* [Record extracts]

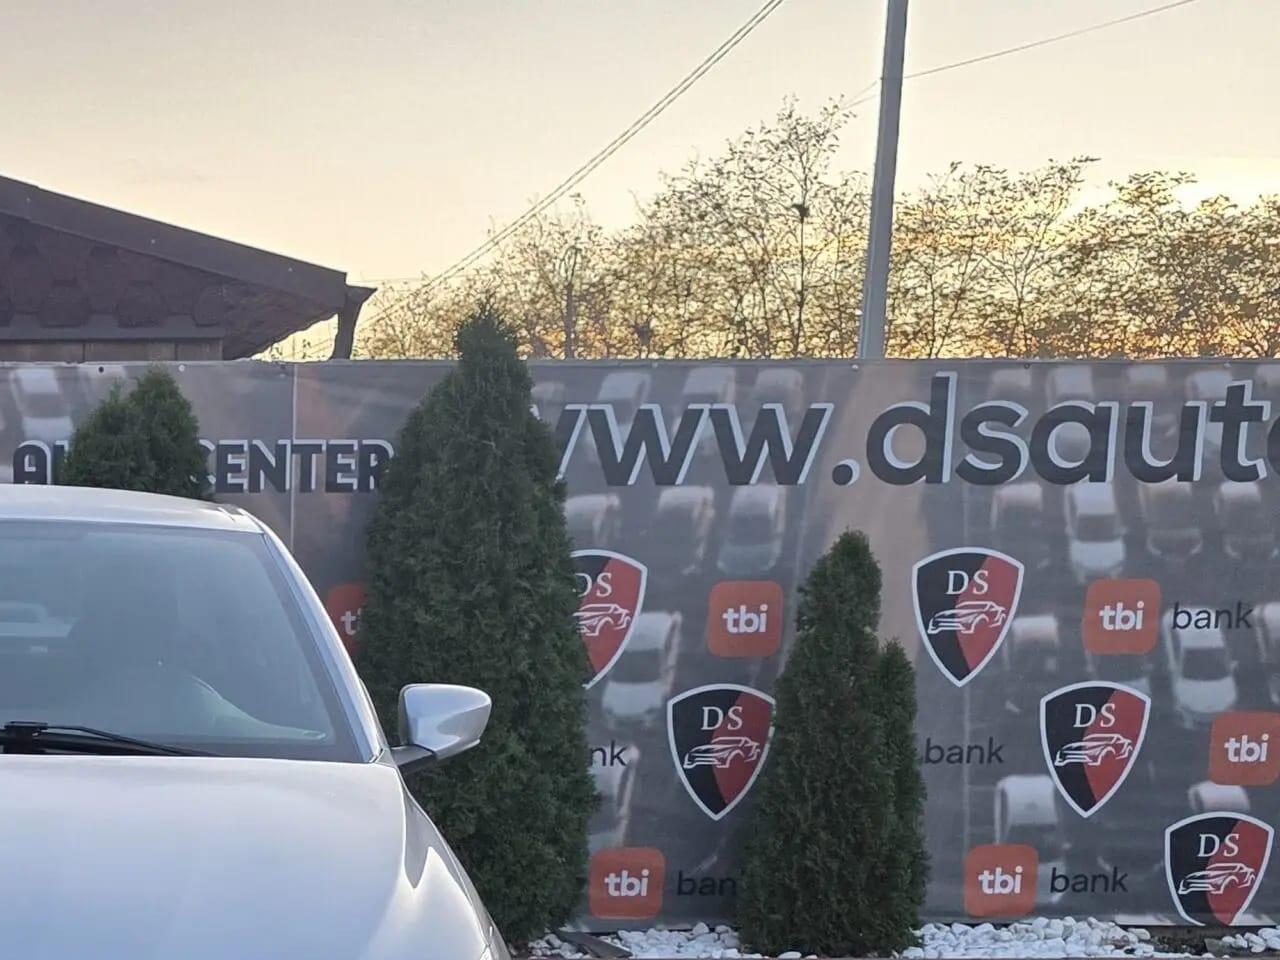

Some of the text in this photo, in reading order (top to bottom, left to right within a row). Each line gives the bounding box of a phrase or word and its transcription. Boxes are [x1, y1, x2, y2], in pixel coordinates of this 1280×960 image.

[529, 371, 1280, 485] ww.dsaut
[945, 569, 989, 595] DS
[723, 603, 768, 633] tbi
[1098, 601, 1253, 631] tbi bank
[701, 706, 743, 731] DS
[1073, 703, 1115, 728] DS
[925, 737, 1004, 765] bank
[1224, 734, 1269, 763] tbi
[1198, 833, 1239, 857] DS
[604, 869, 737, 897] tbi ban
[978, 866, 1128, 894] tbi bank

* [What is required]
Set down the material above word for word and skip its pictures.

* [Reply to the exercise]
Some of the text in this photo, in reading order (top to bottom, left to right within a row). Each line gives the bounding box of a phrase or word and its transcription. Boxes are [x1, y1, x2, y2], in pixel coordinates of this 1280×960 image.

[529, 371, 1280, 485] ww.dsaut
[945, 569, 989, 595] DS
[723, 603, 768, 633] tbi
[1098, 601, 1253, 631] tbi bank
[701, 706, 743, 731] DS
[1073, 703, 1115, 728] DS
[925, 737, 1004, 765] bank
[1224, 734, 1269, 763] tbi
[1198, 833, 1239, 857] DS
[604, 869, 737, 897] tbi ban
[978, 866, 1128, 894] tbi bank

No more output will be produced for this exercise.